Para que Márcia pudesse dar à luz, a equipe obstétrica fez uma episiotomia (corte na genitália feminina) com o objetivo de facilitar a saída do bebê. “Ao invés de me acalmar e tentar me explicar tudo que havia acontecido, o médico deu alguns ‘tapinhas nas minhas costas’ e falou: ‘não ajudou em nada, hein! ’”, retratou. Ao final do parto, a criança nasceu sem responder a estímulos e precisou ser reanimada, conforme constam dados nos laudos clínicos anexados ao processo investigado pela Câmara de Vereadores. O diagnóstico aponta depressão neonatal grave que evoluiu para uma boa recuperação. O menino foi encaminhado para Unidade de Tratamento Intensivo (UTI) e, de acordo com o depoimento, a mãe ficou sem informações sobre o filho por cerca de 12 horas. Além disso, o pai ficou durante todo o parto da esposa, do lado de fora, aguardando informações, sem ser orientado sobre o acompanhamento da mulher.   

Com pouco mais de um ano de idade, hoje a criança apresenta um atraso no desenvolvimento motor e da fala, o que também preocupa a mãe sobre o futuro do filho, além das lembranças que guarda de uma série de supostos excessos que diz ter sofrido. É neste ponto que a Comissão de Diretos Humanos da Câmara tem o papel de apurar se houve violação da dignidade da vítima.

O colegiado formado pelos vereadores Wilson Cerqueira (PT), Erika Tank (PR), vice-presidente, Zé da Mix (PSD), André Moisés (PSB) e Dra Mayra Costa (PPS), já fez a juntada de todos os documentos entregues pela denunciante e pela defesa, além de ter coletado o depoimento das duas partes envolvidas. Os profissionais da maternidade ouvidos defendem que os procedimentos médicos adotados estão dentro dos padrões.
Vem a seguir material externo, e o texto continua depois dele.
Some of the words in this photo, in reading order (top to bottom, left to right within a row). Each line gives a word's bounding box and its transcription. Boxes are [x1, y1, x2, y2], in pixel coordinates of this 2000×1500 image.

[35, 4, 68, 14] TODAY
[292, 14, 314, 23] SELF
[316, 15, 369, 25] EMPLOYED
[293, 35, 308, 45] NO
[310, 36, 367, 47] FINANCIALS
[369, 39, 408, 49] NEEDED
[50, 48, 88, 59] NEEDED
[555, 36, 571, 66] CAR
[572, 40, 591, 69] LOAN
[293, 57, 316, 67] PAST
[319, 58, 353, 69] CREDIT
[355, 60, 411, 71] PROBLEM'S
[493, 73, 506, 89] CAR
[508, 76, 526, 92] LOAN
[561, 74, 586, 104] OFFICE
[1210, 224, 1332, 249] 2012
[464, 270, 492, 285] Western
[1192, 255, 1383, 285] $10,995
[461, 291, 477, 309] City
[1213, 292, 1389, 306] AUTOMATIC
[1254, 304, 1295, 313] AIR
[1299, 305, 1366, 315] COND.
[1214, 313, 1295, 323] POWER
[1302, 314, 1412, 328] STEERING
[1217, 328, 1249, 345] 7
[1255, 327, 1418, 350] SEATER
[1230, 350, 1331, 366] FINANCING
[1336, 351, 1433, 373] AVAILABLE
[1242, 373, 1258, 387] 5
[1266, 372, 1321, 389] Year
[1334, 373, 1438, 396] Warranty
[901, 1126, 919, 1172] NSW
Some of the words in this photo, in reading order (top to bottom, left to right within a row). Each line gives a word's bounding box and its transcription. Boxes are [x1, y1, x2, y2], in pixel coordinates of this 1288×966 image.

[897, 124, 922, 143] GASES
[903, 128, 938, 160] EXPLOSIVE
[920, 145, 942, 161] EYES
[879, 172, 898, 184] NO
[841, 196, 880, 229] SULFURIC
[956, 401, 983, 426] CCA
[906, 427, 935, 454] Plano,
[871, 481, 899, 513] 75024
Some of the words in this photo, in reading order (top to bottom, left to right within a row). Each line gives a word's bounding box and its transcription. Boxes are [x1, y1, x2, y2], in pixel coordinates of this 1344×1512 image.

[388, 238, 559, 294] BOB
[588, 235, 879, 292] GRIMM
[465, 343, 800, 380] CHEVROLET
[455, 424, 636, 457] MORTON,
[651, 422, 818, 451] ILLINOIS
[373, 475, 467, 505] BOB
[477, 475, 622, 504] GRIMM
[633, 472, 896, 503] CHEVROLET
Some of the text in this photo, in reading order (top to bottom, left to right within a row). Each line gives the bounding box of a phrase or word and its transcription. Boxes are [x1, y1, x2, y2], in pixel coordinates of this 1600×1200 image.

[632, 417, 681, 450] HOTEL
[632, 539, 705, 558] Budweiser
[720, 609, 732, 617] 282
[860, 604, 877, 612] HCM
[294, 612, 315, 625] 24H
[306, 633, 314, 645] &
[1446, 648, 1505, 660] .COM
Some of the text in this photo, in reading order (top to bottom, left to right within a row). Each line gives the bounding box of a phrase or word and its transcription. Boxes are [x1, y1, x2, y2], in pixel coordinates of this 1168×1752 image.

A previsão, como afirma Cerqueira, é que até dezembro um relatório final seja elaborado com o parecer da Comissão para ser enviado a outros órgãos de competência, como o Ministério Público e Defensoria Pública do Estado de São Paulo.   

Violência  

O relato de Márcia dialoga com a história de milhares de mulheres que sofreram desrespeito no parto. Uma pesquisa feita pela Fiocruz revelou, em 2012, que uma em cada quatro brasileiras foi alvo de violência obstétrica.  O cenário que se repete na história das vítimas é a ausência de zelo na abordagem da equipe de profissionais de saúde com as gestantes, desde discursos em tom irônico ou de intimidação até ofensas verbais. 

Os abusos, quando comprovados, são agora reconhecidos pela Organização Mundial da Saúde (OMS) e recebem o nome de violência obstétrica, que é caracterizada pela desumanização no processo reprodutivo feminino, provocando a perda de autonomia e impactos negativos na qualidade de vida da mulher. Mais que uma questão de saúde, o que a definição revela é a violação de direitos fundamentais.